Dialect Difference. WITH RECURSIVE is standard SQL and supported by PostgreSQL, SQL Server (where RECURSIVE is implied, not written), Oracle, and modern MySQL/SQLite. The CYCLE clause is more PostgreSQL/standard-specific. See Appendix J.


CTEs as a refactoring tool

Before the recursion, it's worth dwelling on the everyday superpower of ordinary CTEs, because you'll use it far more often than recursion: CTEs are how you tame a query that has grown into an unreadable knot. Real analytical queries accrete complexity — a subquery here to compute a benchmark, a derived table there to pre-aggregate, a correlated subquery to compare against a group — until they become a wall of nested parentheses that no one, including their author a month later, can confidently modify. The CTE is the refactoring that rescues them.

The move is mechanical and reliable. Find the innermost subquery, lift it out, and give it a name in a WITH clause; repeat outward. Each nested computation becomes a named stage, and the final query reads as a sequence of clearly-labeled steps instead of a Russian doll of parentheses. The logic is unchanged — the optimizer, since PostgreSQL 12, generally treats the inlined CTE identically to the subquery — but the legibility is transformed. A reviewer can read per_customer, then ranked, then the final select, understanding each in isolation, rather than trying to hold five levels of nesting in their head at once. And crucially, you can debug each stage independently: run just the per_customer CTE's body to confirm it produces what you expect before trusting the stages built on top of it.

This is the same principle that makes well-factored code readable in any language: name your intermediate results, and let the names tell the story. A CTE pipeline is essentially a paragraph of named steps — "first compute revenue per customer; then find the average; then keep the above-average ones; then attach their names" — and that narrative quality is exactly what makes complex SQL maintainable. When you inherit a horrifying nested query, your first instinct should be to decompose it into CTEs; you'll understand it in the process of refactoring it, and leave it better for the next person. Theme #2 — SQL is a language — extends to prose style, and CTEs are the paragraph breaks.
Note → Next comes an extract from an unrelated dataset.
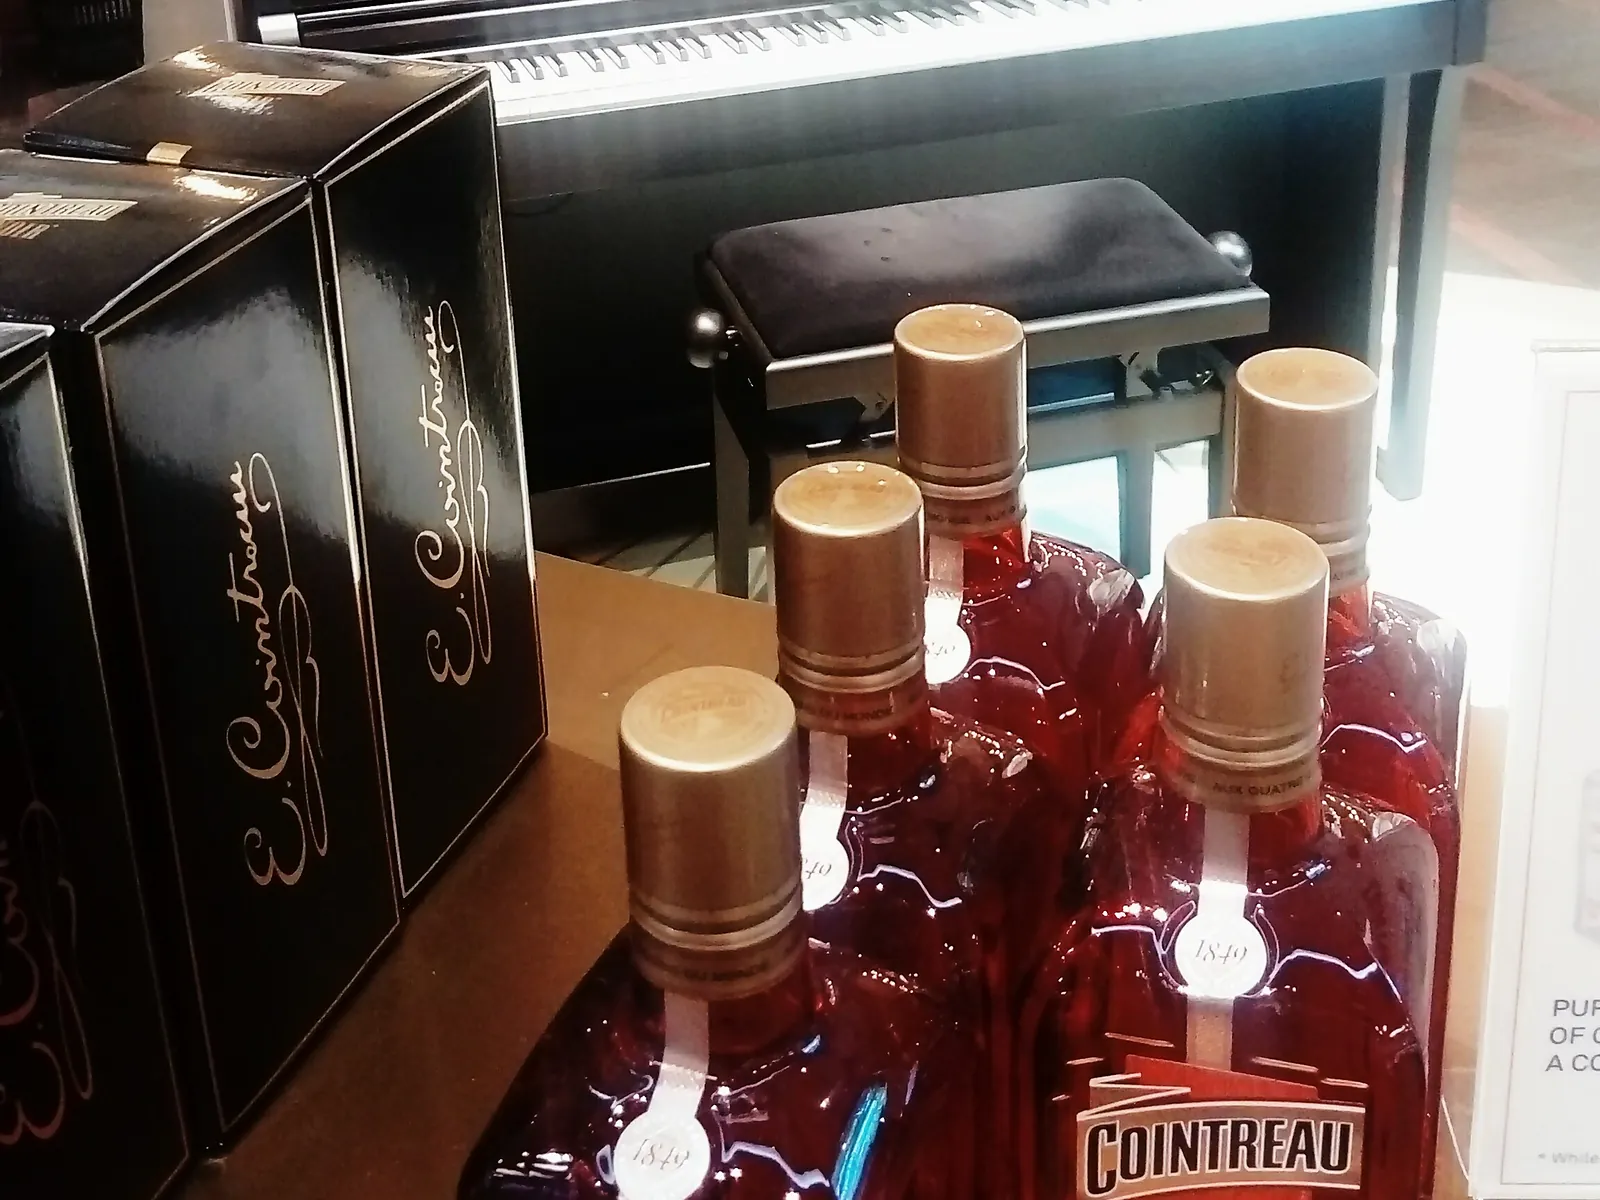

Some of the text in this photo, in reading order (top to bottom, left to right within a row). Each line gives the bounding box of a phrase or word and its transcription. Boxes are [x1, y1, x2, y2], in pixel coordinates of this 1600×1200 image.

[1550, 1026, 1586, 1044] OF
[1545, 1053, 1564, 1072] A
[1086, 1118, 1354, 1198] COINTREAU
Why this matters. The difference between a query that lives for years and one that gets rewritten from scratch every time it needs a change is usually readability. A CTE pipeline that a new team member can follow is an asset; a clever five-level nested subquery that only its author understands is a liability, however correct. Choosing readability is choosing maintainability, and over a system's life that choice compounds enormously.


Data-modifying CTEs: WITH meets INSERT, UPDATE, DELETE

PostgreSQL extends CTEs in a powerful, somewhat unusual direction: a CTE's body can be an INSERT, UPDATE, or DELETE — not just a SELECT — and combined with RETURNING, this lets you chain modifications and queries into a single atomic statement. These are sometimes called writable CTEs (wCTEs), and they solve real problems elegantly.
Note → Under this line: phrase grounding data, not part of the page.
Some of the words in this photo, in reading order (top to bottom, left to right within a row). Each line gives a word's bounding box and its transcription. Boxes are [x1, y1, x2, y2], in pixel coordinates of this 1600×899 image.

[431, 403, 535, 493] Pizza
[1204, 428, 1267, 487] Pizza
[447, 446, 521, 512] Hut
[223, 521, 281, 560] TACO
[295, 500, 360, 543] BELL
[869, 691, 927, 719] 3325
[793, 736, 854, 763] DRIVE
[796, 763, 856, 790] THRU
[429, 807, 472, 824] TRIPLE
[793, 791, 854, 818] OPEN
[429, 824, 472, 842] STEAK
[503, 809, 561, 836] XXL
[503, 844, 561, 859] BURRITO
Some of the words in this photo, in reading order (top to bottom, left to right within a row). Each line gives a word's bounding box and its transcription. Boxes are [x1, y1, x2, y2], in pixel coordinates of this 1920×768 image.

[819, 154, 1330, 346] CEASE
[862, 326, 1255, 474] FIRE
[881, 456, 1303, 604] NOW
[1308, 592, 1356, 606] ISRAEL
The classic use is "move rows from one table to another in one statement" — delete from the source, and insert exactly what was deleted into the destination, with no risk of the two operations disagreeing:

-- Archive old orders: delete them from orders, insert them into orders_archive,
-- all in one atomic statement.
WITH moved AS (
    DELETE FROM orders
    WHERE order_date < DATE '2020-01-01'
    RETURNING *
)
INSERT INTO orders_archive
SELECT * FROM moved;

The DELETE ... RETURNING * removes the old orders and hands the deleted rows to the moved CTE; the outer INSERT then stores exactly those rows in the archive. Because it's one statement, it's atomic — either both happen or neither does — so you can never end up having deleted orders you failed to archive. Writing this as two separate statements would open a window where a failure between them loses data; the wCTE closes that window entirely.

wCTEs also let you capture what a modification did and use it immediately. "Insert a new order and immediately insert its line items, referencing the new order's generated id" is a wCTE that inserts the order with RETURNING order_id, then inserts the items selecting from that result. This is a cleaner alternative to round-tripping to the application to fetch the new id between two statements (a pattern you'll revisit in Chapter 13's data modification and Chapter 29's application code).
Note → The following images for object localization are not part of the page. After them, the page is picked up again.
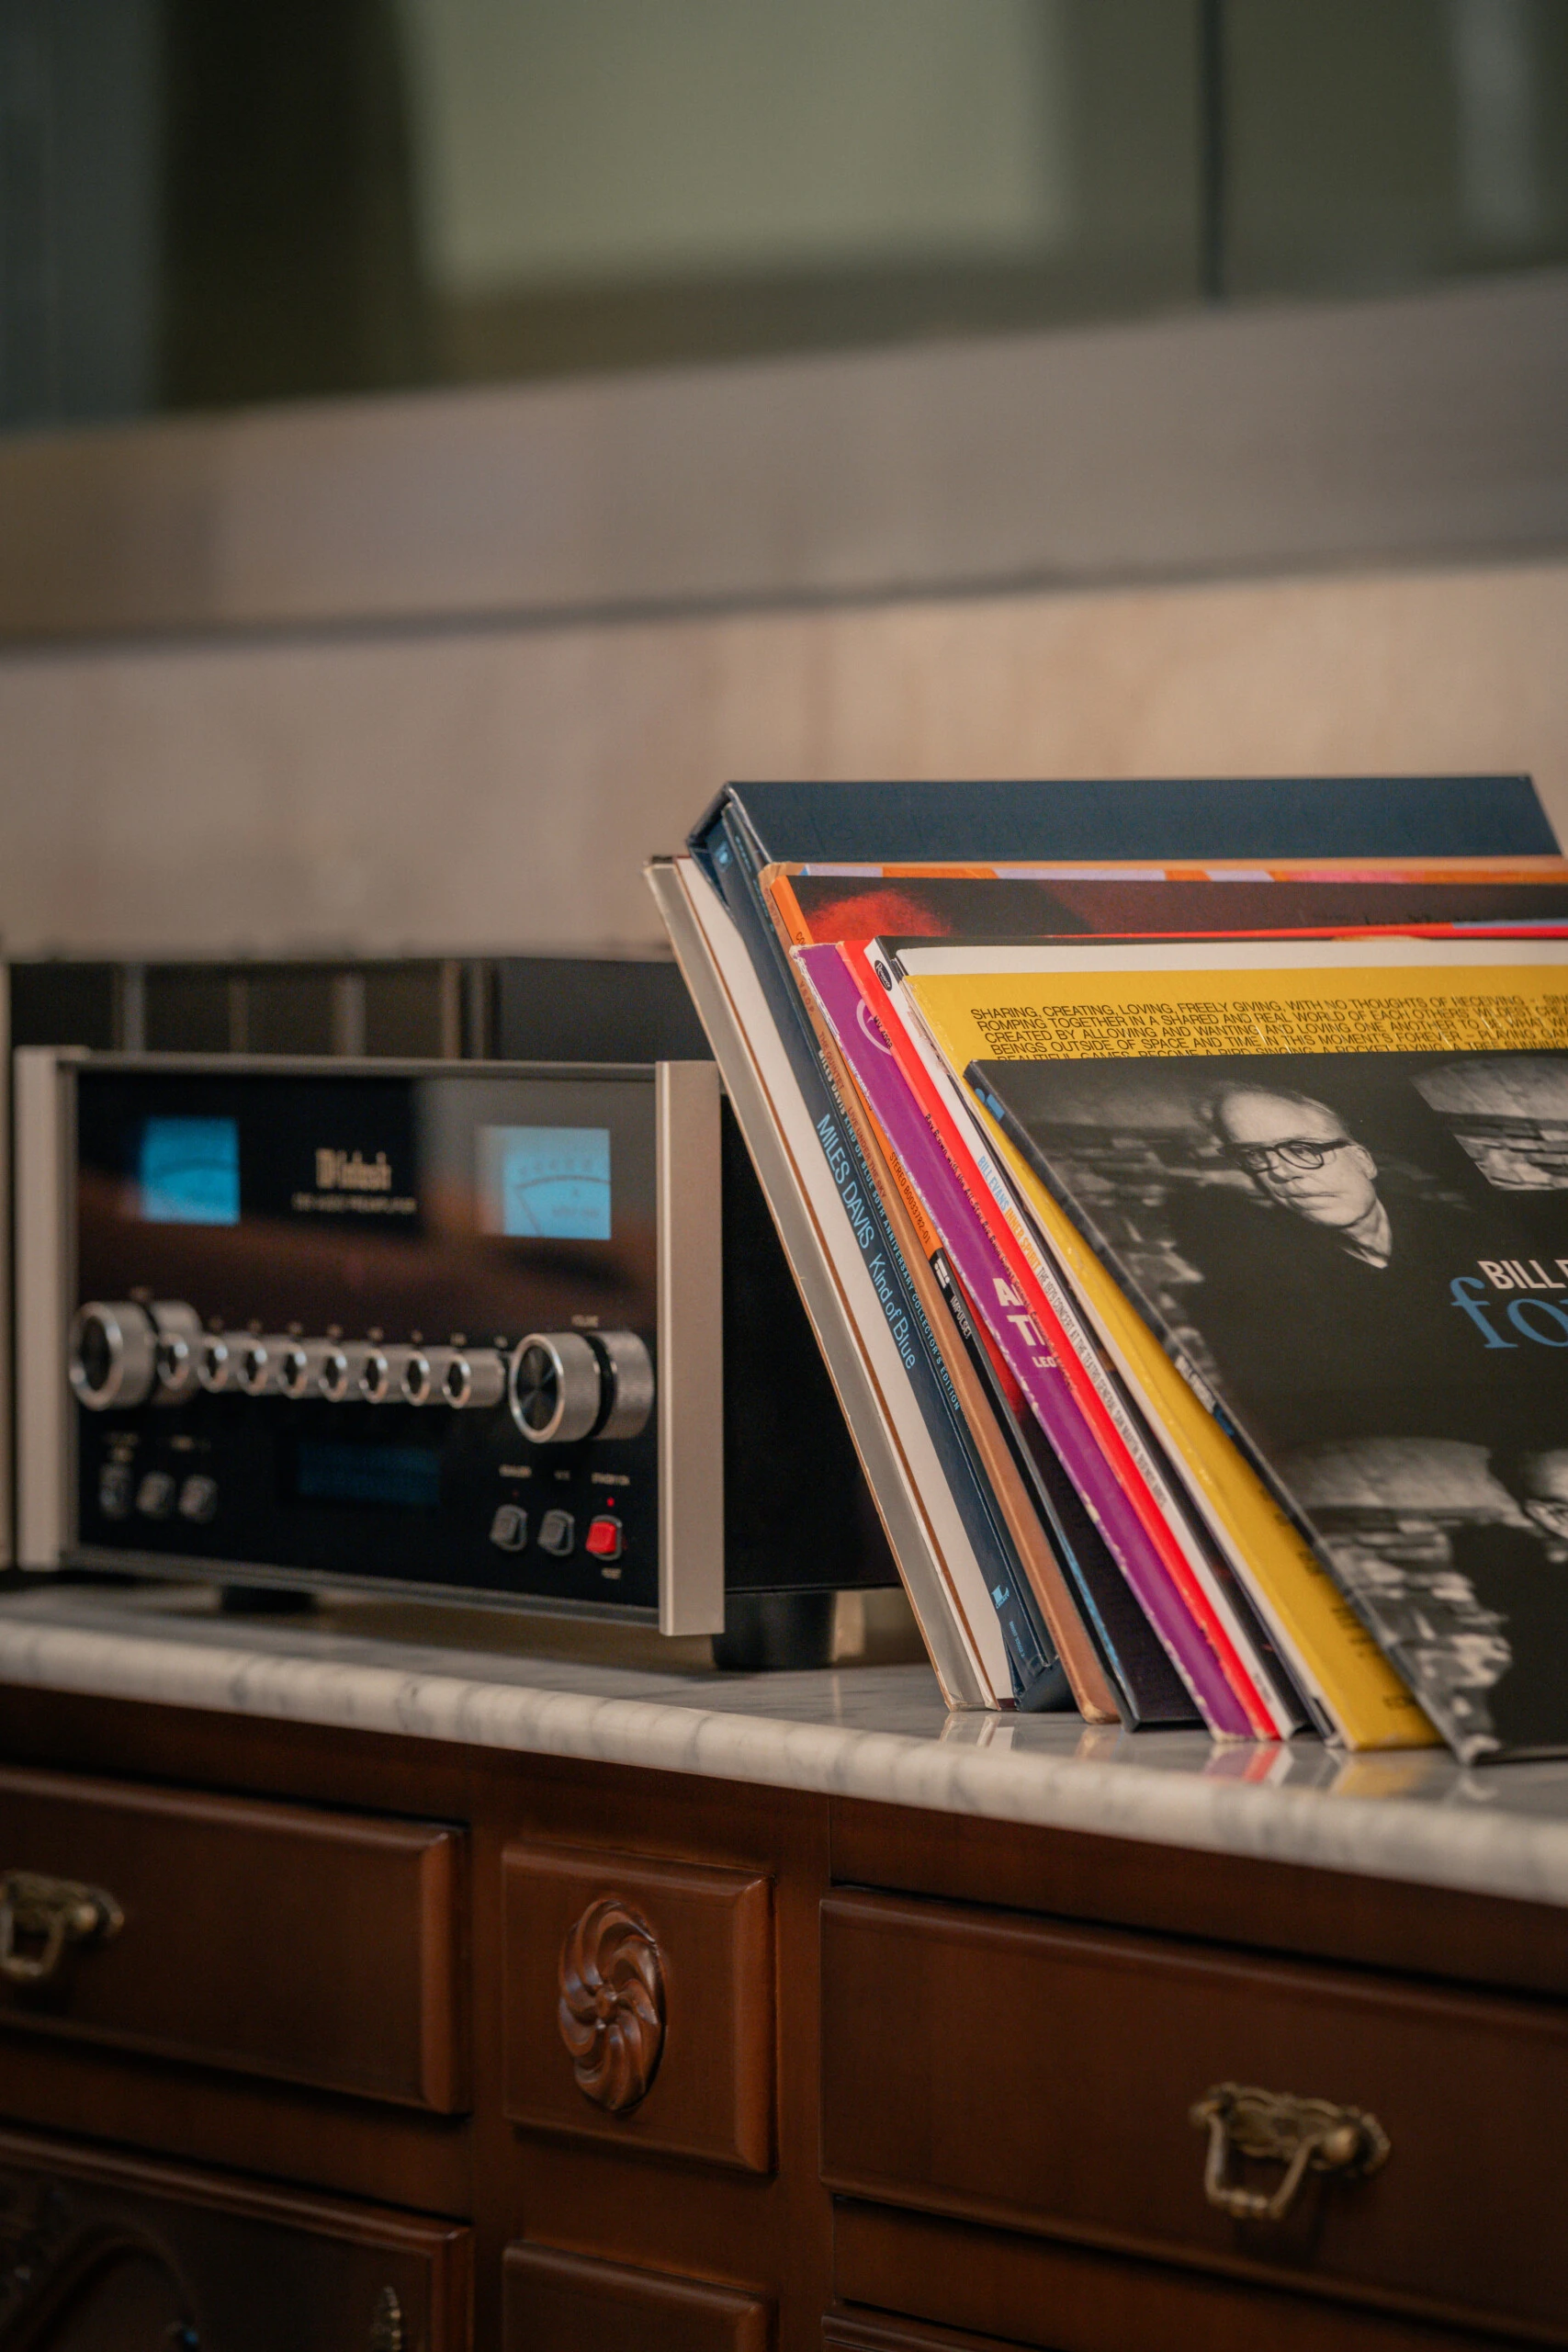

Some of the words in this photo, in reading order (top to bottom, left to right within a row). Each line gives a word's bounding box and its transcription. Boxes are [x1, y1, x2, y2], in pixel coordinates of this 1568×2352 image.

[970, 1007, 1042, 1019] SHARING,
[1043, 1005, 1118, 1016] CREATING,
[1118, 1003, 1178, 1015] LOVING,
[1177, 1002, 1228, 1013] FREELY
[1233, 1001, 1286, 1012] GIVING,
[1285, 1000, 1323, 1011] WITH
[1324, 999, 1348, 1010] NO
[1348, 998, 1427, 1010] THOUGHTS
[1429, 997, 1448, 1008] OF
[976, 1018, 1047, 1031] ROMPING
[1047, 1016, 1128, 1028] TOGETHER
[1129, 1015, 1145, 1026] IN
[1149, 1015, 1159, 1025] A
[1161, 1013, 1218, 1025] SHARED
[1224, 1013, 1252, 1023] AND
[1254, 1012, 1292, 1023] REAL
[1292, 1012, 1345, 1023] WORLD
[1348, 1011, 1367, 1021] OF
[1371, 1010, 1410, 1021] EACH
[985, 1030, 1053, 1043] CREATED
[1055, 1029, 1076, 1040] BY
[1083, 1027, 1158, 1039] ALLOWING
[1162, 1026, 1191, 1036] AND
[1193, 1024, 1260, 1036] WANTING
[1266, 1023, 1294, 1035] AND
[1296, 1023, 1351, 1034] LOVING
[1354, 1022, 1387, 1033] ONE
[1391, 1019, 1457, 1031] ANOTHER
[1458, 1019, 1479, 1029] TO
[990, 1042, 1048, 1055] BEINGS
[1051, 1040, 1114, 1052] OUTSIDE
[1117, 1039, 1136, 1049] OF
[1141, 1037, 1190, 1049] SPACE
[1193, 1036, 1222, 1047] AND
[1224, 1035, 1261, 1047] TIME
[1264, 1035, 1280, 1046] IN
[1281, 1035, 1315, 1046] THIS
[1317, 1033, 1393, 1045] MOMENT'S
[1396, 1030, 1462, 1043] FOREVER
[824, 1050, 844, 1090] QUINTET
[847, 1106, 859, 1126] LIVE
[855, 1128, 872, 1160] UNDER
[869, 1161, 879, 1179] THE
[875, 1179, 887, 1199] SKY
[888, 1151, 907, 1185] STEREO
[924, 1113, 936, 1130] Ray
[932, 1128, 949, 1154] Brown
[946, 1155, 959, 1173] with
[955, 1172, 966, 1187] the
[816, 1113, 851, 1184] MILES
[842, 1182, 875, 1250] DAVIS
[868, 1252, 893, 1301] Kind
[885, 1298, 901, 1323] of
[894, 1319, 916, 1370] Blue
[817, 1050, 832, 1081] MILES
[829, 1084, 845, 1115] DAVIS
[841, 1115, 855, 1142] KIND
[859, 1160, 874, 1188] BLUE
[882, 1218, 914, 1290] ANNIVERSARY
[939, 1366, 961, 1410] EDITION
[976, 1155, 993, 1179] BILL
[988, 1176, 1010, 1211] EVANS
[1004, 1206, 1025, 1239] INNER
[1020, 1237, 1043, 1271] SPIRIT
[1035, 1266, 1049, 1284] THE
[1052, 1296, 1077, 1333] CONCERT
[1477, 1260, 1567, 1289] BILL
[950, 1295, 973, 1340] IMPULSE!
[1450, 1276, 1568, 1349] fo
Dialect Difference. Data-modifying CTEs are a PostgreSQL strength; not all databases support INSERT/UPDATE/DELETE inside WITH. There's also a subtlety worth knowing: all the sub-statements in a wCTE see the same snapshot of the data and execute in an unspecified order relative to each other, so you can't, for example, have one CTE update rows and another CTE in the same statement see those updates. They're powerful but have precise semantics — consult the docs when chaining several modifications.


How recursion actually executes

To use recursive CTEs confidently — and to debug them when they misbehave — it helps to know the actual machinery, which is simpler than the magic it appears to be. PostgreSQL maintains two internal tables during a recursive CTE: a working table (the rows produced by the most recent step) and an accumulating result.

The execution is a precise loop. First, the anchor query runs once; its rows go into both the result and the working table. Then the engine repeats: run the recursive term, but with the CTE's self-reference reading only the current working table (not the whole accumulated result); whatever rows come back are added to the result and become the new working table, replacing the old one. The loop continues until a step produces zero rows — an empty working table means there's nothing left to expand, and recursion halts. That's the entire algorithm: anchor once, then "expand the frontier" repeatedly until the frontier is empty.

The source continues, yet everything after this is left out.